PiS was the clear leader in opinion polls ahead of the Sunday ballot and is expected to win between 40 and 49 per cent of the vote, which could potentially give it an outright majority in the lower house.

The main opposition forces – the centrist Civic Coalition (KO), the Democratic Left Alliance (SLD) and the Christian Democrat agrarian Polish People’s Party (PSL) – hope in turn that their combined support can top that of PiS, allowing them to form a coalition government.

The common denominator of the opposition is a pro-EU stance and a pledge to undo controversial broad institutional reforms introduced by PiS in the last four years, including in the judiciary, which put the country at loggerheads with the European Commission.

Polling stations open at 7 am (0500 GMT) and are scheduled to close at 9 pm, when the first exit polls are expected to be published.

Five major political forces have been registered to participate in Poland’s parliamentary election scheduled for Sunday.

1) Law and Justice (PiS) is a social conservative party, in power since 2015. Its candidates include members of smaller right-wing parties United Poland (Solidarna Polska) and Agreement (Porozumienie).

The social conservative party has been in power since 2015. Its candidates include members of smaller right-wing parties United Poland (Solidarna Polska) and Agreement (Porozumienie).

Platform: PiS focuses on social benefits, saying it is the only party that can guarantee the monthly payment to families of 500 zloty (125 dollars) per child and prevent the retirement age from being increased.

They have announced a significant increase in the minimum wage, a permanent annual bonus pension payment (two payments in 2021) and plans to make EU farm subsidies for Polish farmers equal to subsidies received by farmers in western EU countries.

PiS also presents itself as the defender of traditional Catholic values against what it calls “LGBT ideology.”

2) Civic Coalition (KO) is an electoral alliance (subject to an 8 per cent parliamentary representation threshold) comprising the centrist party Civic Platform (PO), the pro-business party Modern (Nowoczesna), the liberal party Polish Initiative and the Greens.

It promises to reduce labour costs and introduce state-funded cash bonuses for employees, an attempt to differentiate itself from the PiS social spending programmes where being employed is not a prerequisite.
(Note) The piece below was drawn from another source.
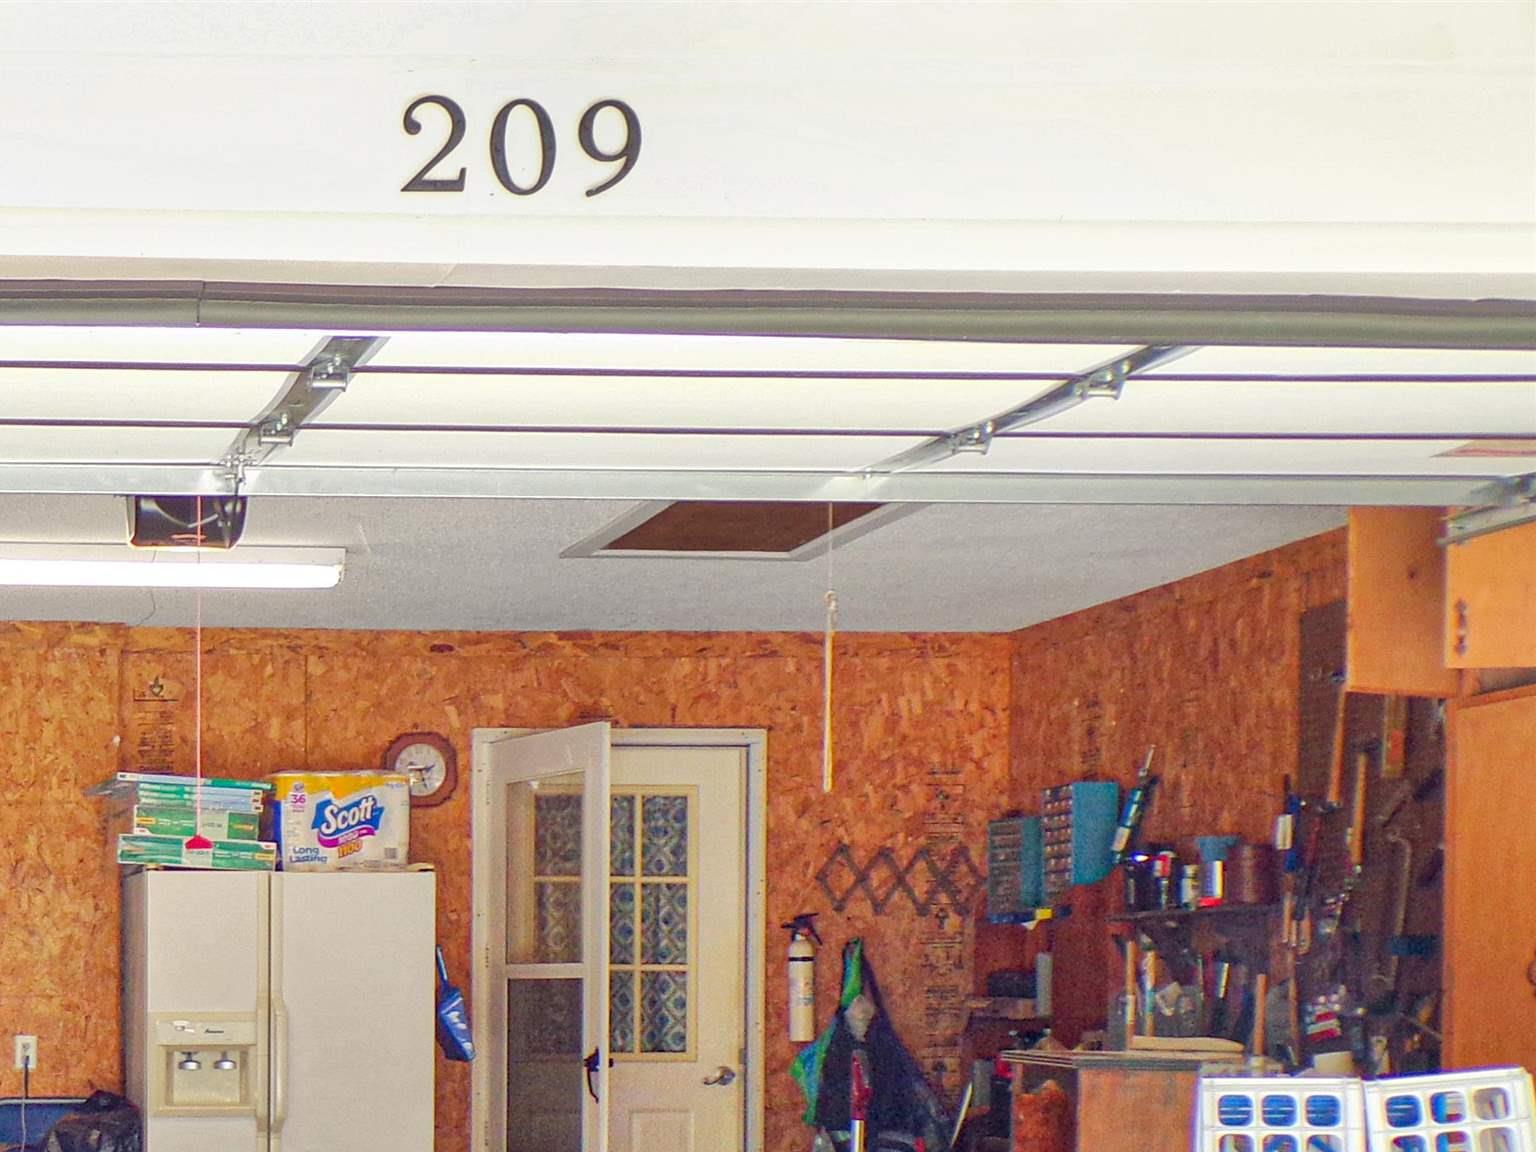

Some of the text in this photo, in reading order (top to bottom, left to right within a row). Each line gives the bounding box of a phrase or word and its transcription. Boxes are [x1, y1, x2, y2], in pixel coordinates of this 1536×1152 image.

But it is also saying that those programmes will remain.

KO is proposing stipends for young doctors to encourage them to stay in the country.

The party is also vowing to push for ending the gender pay gap and introducing free in vitro fertilization procedures as well as additional benefits for pensioners and carers of disabled persons.

3) Democratic Left Alliance (SLD) is a left wing bloc.

While running as single party, and subject to a 5 per cent electoral threshold, SLD is in fact an electoral alliance of three left-wing groupings: SLD, Spring (Wiosna) and Left Together (Lewica Razem).

Platform: The Left proposes to speed up the country’s energy transformation into renewable energy and strengthen environmental protection.

The bloc wants to increase health care spending to 7.2 per cent of gross domestic product (from some 5 per cent at present) and research and development spending to 2 per cent of GDP.

They are running on a proposal allowing abortion on demand until the 12th week of pregnancy, state refunds for contraceptives and civil unions.

They want to introduce a nationwide programme for building nurseries, kindergartens and hospitals. They have promised to reintroduce bus services to every municipality and train services to every county.

4) The Polish People’s Party (PSL) is a centrist, agrarian, Christian Democrat party. Its candidates include members of the populist anti-establishment political movement Kukiz’15, led by former rock star Pawel Kukiz.

Platform: PSL’s main proposals include abolishing the income tax on pensions, making social insurance optional for private entrepreneurs and subsidizing down payments on apartments for families.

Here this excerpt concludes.